- The Washington Times - Thursday, June 3, 2021

A group of parents has filed a federal lawsuit in Virginia against the Loudoun County School Board over a school district anti-racism policy in which only students of color are tapped as “ambassadors” to help officials police student speech.

The parents, who sued on behalf of their children, said the school system’s plan is discriminatory and violates their children’s constitutional rights.

“Plaintiffs are concerned that if their students share their views about political or social issues, including those touching on religion, race, and human sexuality, they will be reported and investigated for ‘bias incidents,’” reads the 20-page lawsuit filed Wednesday.

“They fear such a report, investigation, or public disclosure could negatively impact their standing in the school community and ruin their children’s college or career prospects,” the complaint adds.

A spokesperson from the school district said it will not comment on pending litigation.

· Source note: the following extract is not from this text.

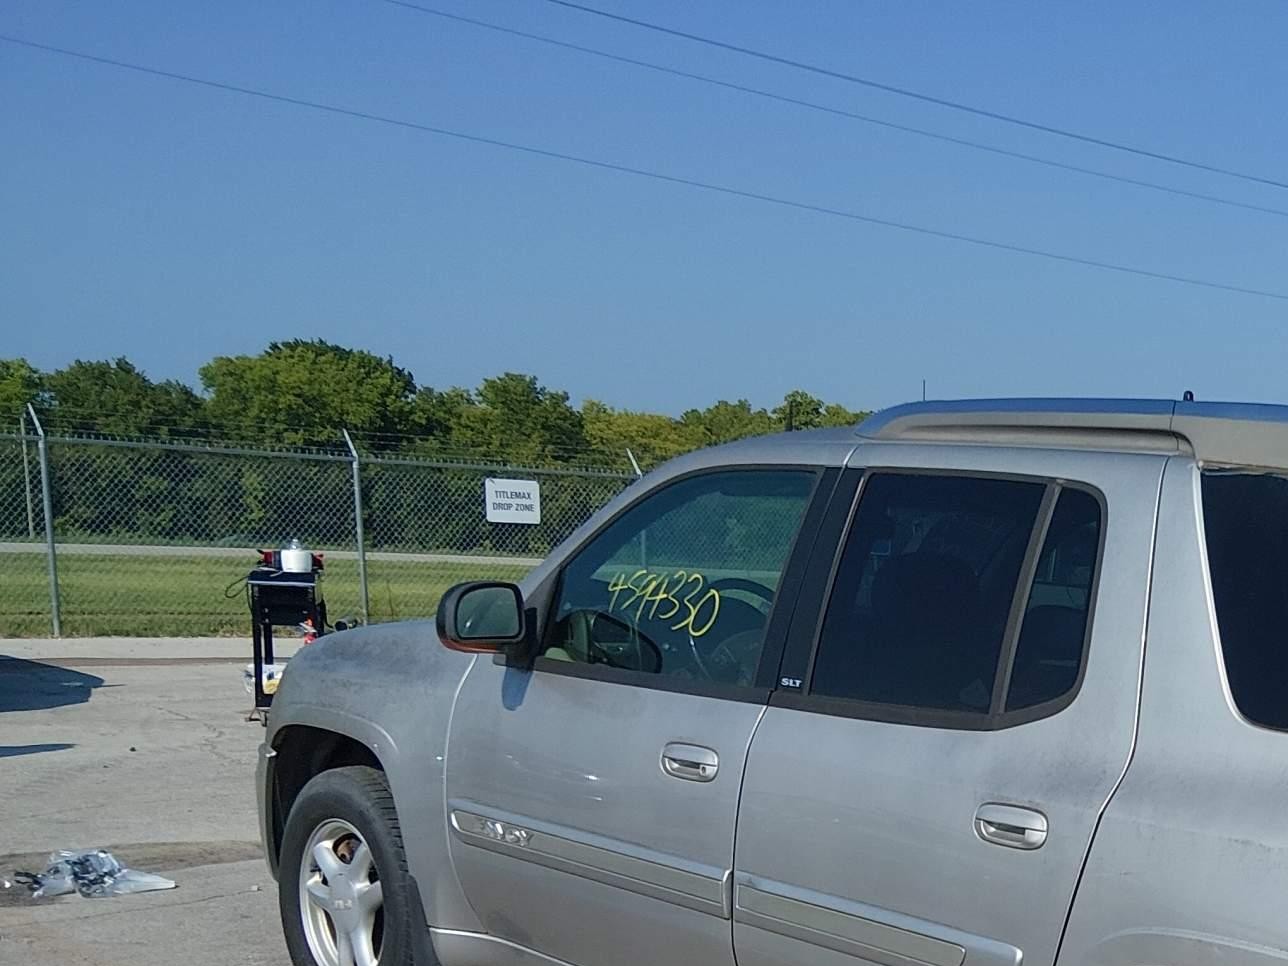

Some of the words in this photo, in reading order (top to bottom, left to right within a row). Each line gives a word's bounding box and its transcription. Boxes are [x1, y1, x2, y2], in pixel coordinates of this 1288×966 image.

[494, 490, 533, 500] TITLEMAX
[492, 502, 513, 511] DROP
[515, 503, 535, 512] ZONE
[781, 677, 803, 688] SLT

The Loudoun County Public Schools system proposed its “Action Plan to Combat Systemic Racism” last year. Under the proposal, the wearing or display of certain flags and images deemed “racist or hateful” is prohibited.

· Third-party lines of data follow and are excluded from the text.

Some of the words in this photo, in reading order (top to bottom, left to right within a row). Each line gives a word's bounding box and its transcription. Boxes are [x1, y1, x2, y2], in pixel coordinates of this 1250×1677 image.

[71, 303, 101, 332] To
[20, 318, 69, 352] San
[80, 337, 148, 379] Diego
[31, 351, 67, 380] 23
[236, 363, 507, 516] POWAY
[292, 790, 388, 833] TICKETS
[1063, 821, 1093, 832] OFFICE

The program also aims to establish a protocol for responding to racial slurs and hate speech, as well as renaming the Loudoun High School mascot, according to the legal complaint.

Principals at each county school choose student ambassadors to engage with other students and officials on the issue of race. The lawsuit claims that only students of color are chosen as ambassadors.

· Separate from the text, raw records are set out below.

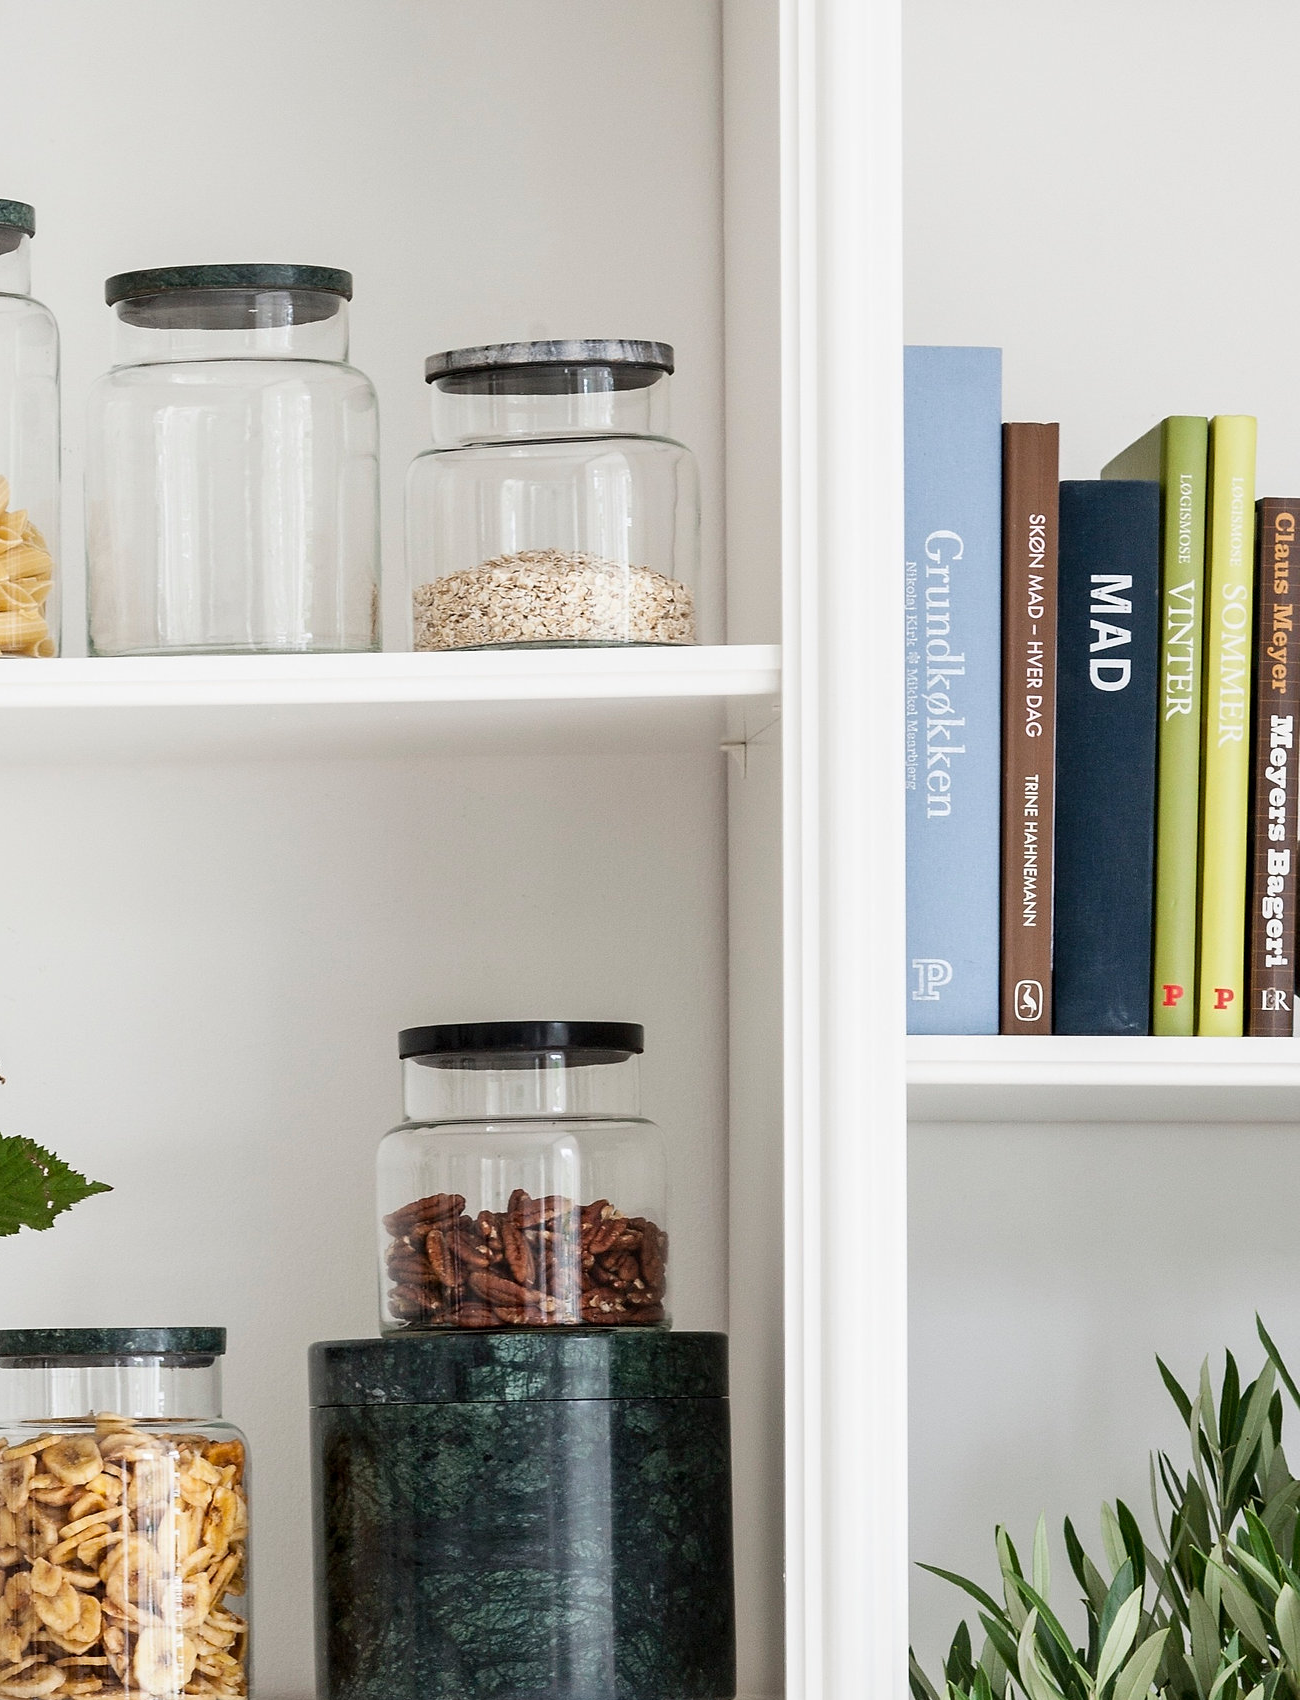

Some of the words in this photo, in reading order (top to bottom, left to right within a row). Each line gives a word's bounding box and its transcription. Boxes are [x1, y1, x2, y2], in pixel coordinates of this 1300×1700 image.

[1028, 513, 1046, 568] SKØN
[1179, 474, 1193, 564] LØGISMOSE
[1229, 477, 1244, 568] LØGISMOSE
[1274, 511, 1295, 594] Claus
[906, 615, 918, 647] Kirk
[1027, 576, 1045, 619] MAD
[1089, 574, 1133, 692] MAD
[922, 530, 965, 818] Grundkøkken
[1027, 641, 1044, 690] HVER
[1166, 579, 1195, 721] VINTER
[1218, 583, 1247, 748] SOMMER
[1267, 603, 1294, 694] Meyer
[906, 668, 918, 716] Mikkel
[1025, 695, 1043, 737] DAG
[1025, 774, 1039, 817] TRINE
[1266, 714, 1294, 843] Meyers
[1023, 821, 1038, 927] HAHNEMANN
[1263, 848, 1290, 967] Bageri
[1162, 985, 1184, 1006] P
[1213, 988, 1234, 1009] P

The school program has a bias reporting system that allows students to police speech and report anything “extreme” to superiors.

“Our kids have the right to develop their own opinions, free from indoctrination and school-sanctioned bullying,” said Scott Mineo, a parent of a Loudoun County high school student.

The lawsuit raises concerns about off-campus speech being policed by the school district.

“Nothing about the bias reporting system limits the covered speech to on-campus activities. Speech on social media or via text message or even in-person or telephone conversations outside school but involving students could constitute a ‘bias incident,’” the complaint says.

The case has been assigned to U.S. District Judge Anthony J. Trenga, a George W. Bush appointee.